L’INVISIBILITÀ DEL SANGUE: Il Delivery della Violenza
Sembra ormai diventata la "nuova normalità": scorrere le notizie e leggere di rider malmenati dai clienti, umiliati o rapinati da baby gang nel silenzio generale. Cronache di una guerra quotidiana combattuta sull'asfalto, che non solleva alcuna polemica mediatica né intervento istituzionale.
L'Ipocrisia del Controllo
Assistiamo a un paradosso grottesco. Abbiamo un Governo estremamente premuroso quando si tratta di "sicurezza" intesa come repressione: pronti a limitare il diritto di sciopero e a criminalizzare ogni forma di protesta civile. Eppure, questo stesso slancio securitario svanisce improvvisamente davanti alla violenza che i lavoratori del delivery subiscono ogni notte nelle strade.
Per lo Stato e per le multinazionali, la nostra incolumità non è un tema di ordine pubblico.
Il Muro di Gomma delle Piattaforme
Le applicazioni non sono da meno. Quando solleviamo la questione sicurezza, riceviamo solo silenzi o risposte preimpostate. Abbiamo chiesto interventi concreti e urgenti:
Black-list delle zone a rischio: Escludere le aree note per episodi di violenza in determinati orari.

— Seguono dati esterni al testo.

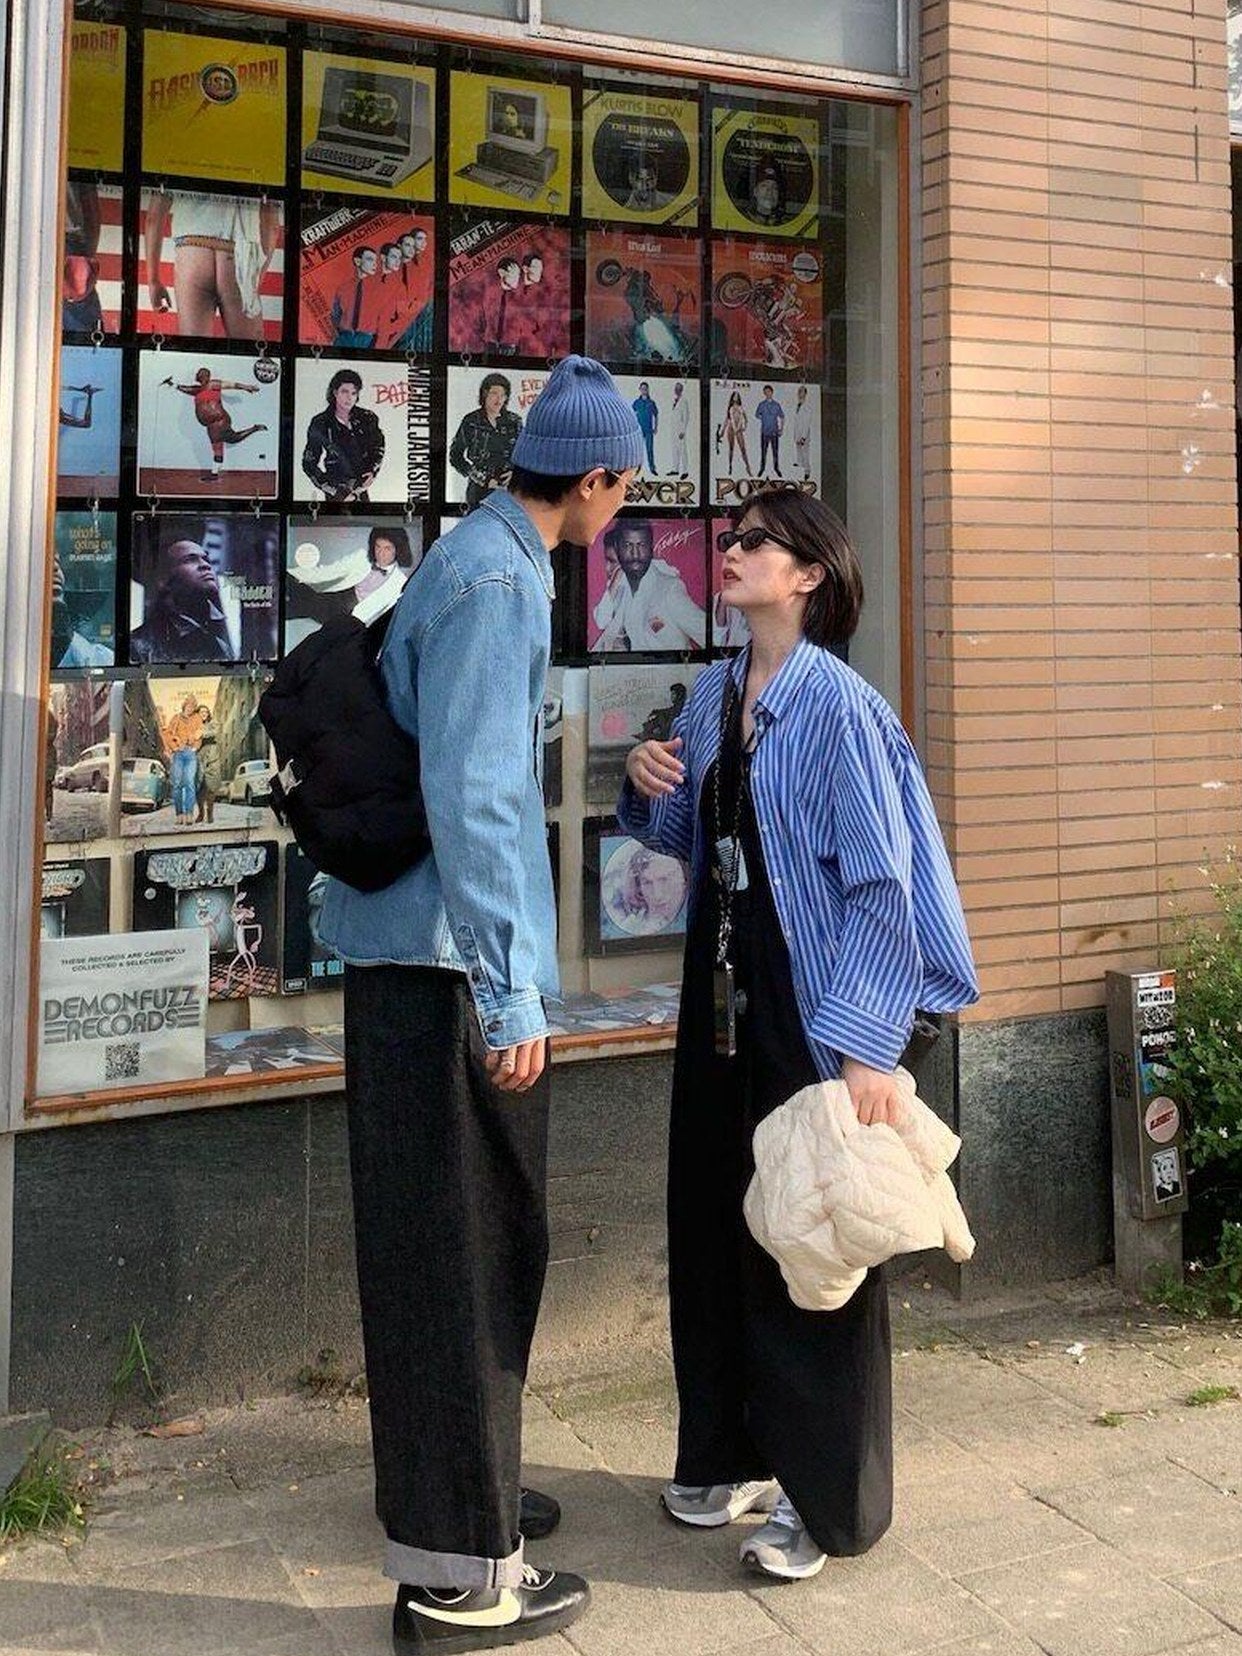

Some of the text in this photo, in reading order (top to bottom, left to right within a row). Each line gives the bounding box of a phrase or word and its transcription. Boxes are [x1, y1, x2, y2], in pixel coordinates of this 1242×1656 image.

[300, 206, 355, 246] KRAFTWERK
[408, 364, 430, 502] MICHAEL JACKSON
[61, 948, 187, 966] THESE RECORDS ARE CAREFULLY
[71, 961, 118, 972] COLLECTED
[126, 957, 165, 967] SELECTED
[44, 985, 200, 1022] DEMONFUZZ
[66, 1008, 180, 1042] RECORDS
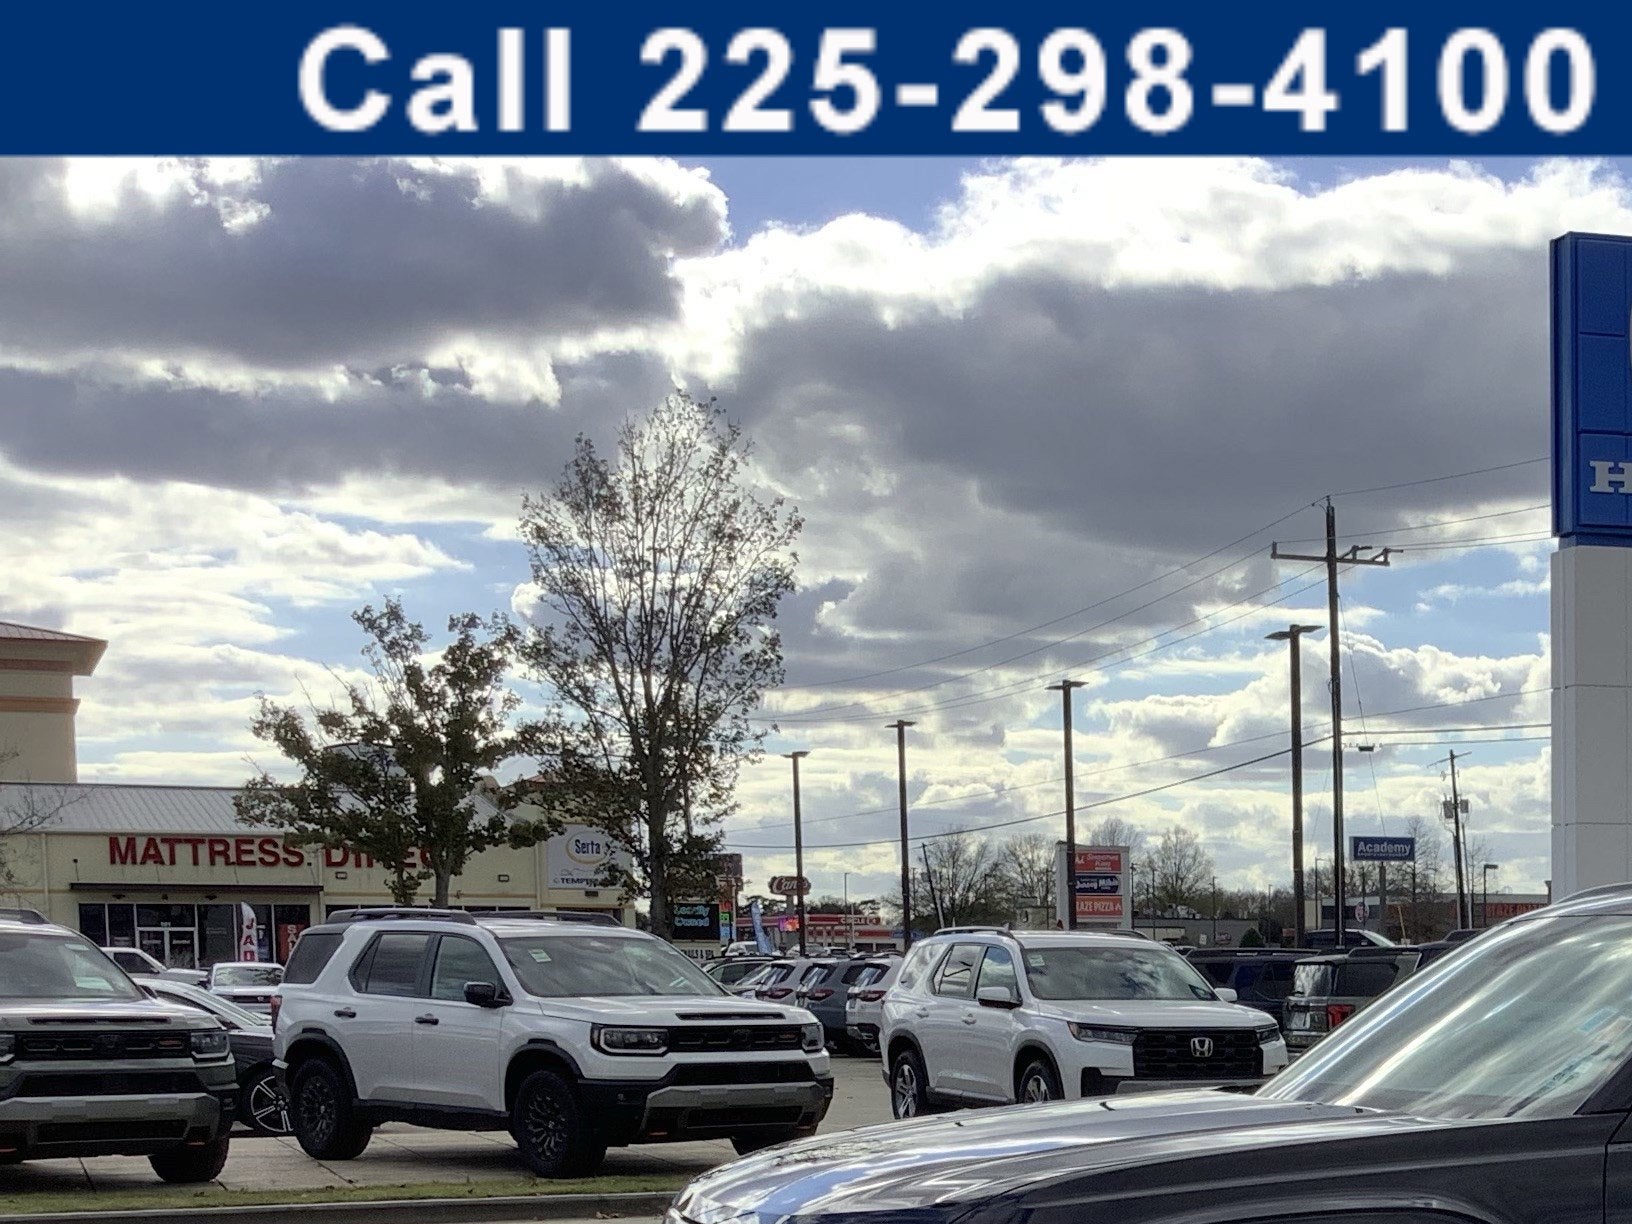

Consegna al piano stradale: Evitare che il rider sia costretto a salire ai piani, diventando vulnerabile in androni e pianerottoli isolati, specialmente di notte.
Abolizione del contante: Implementare sistemi di pagamento digitali obbligatori per evitare che il rider giri con denaro in tasca, diventando un bersaglio mobile per le rapine.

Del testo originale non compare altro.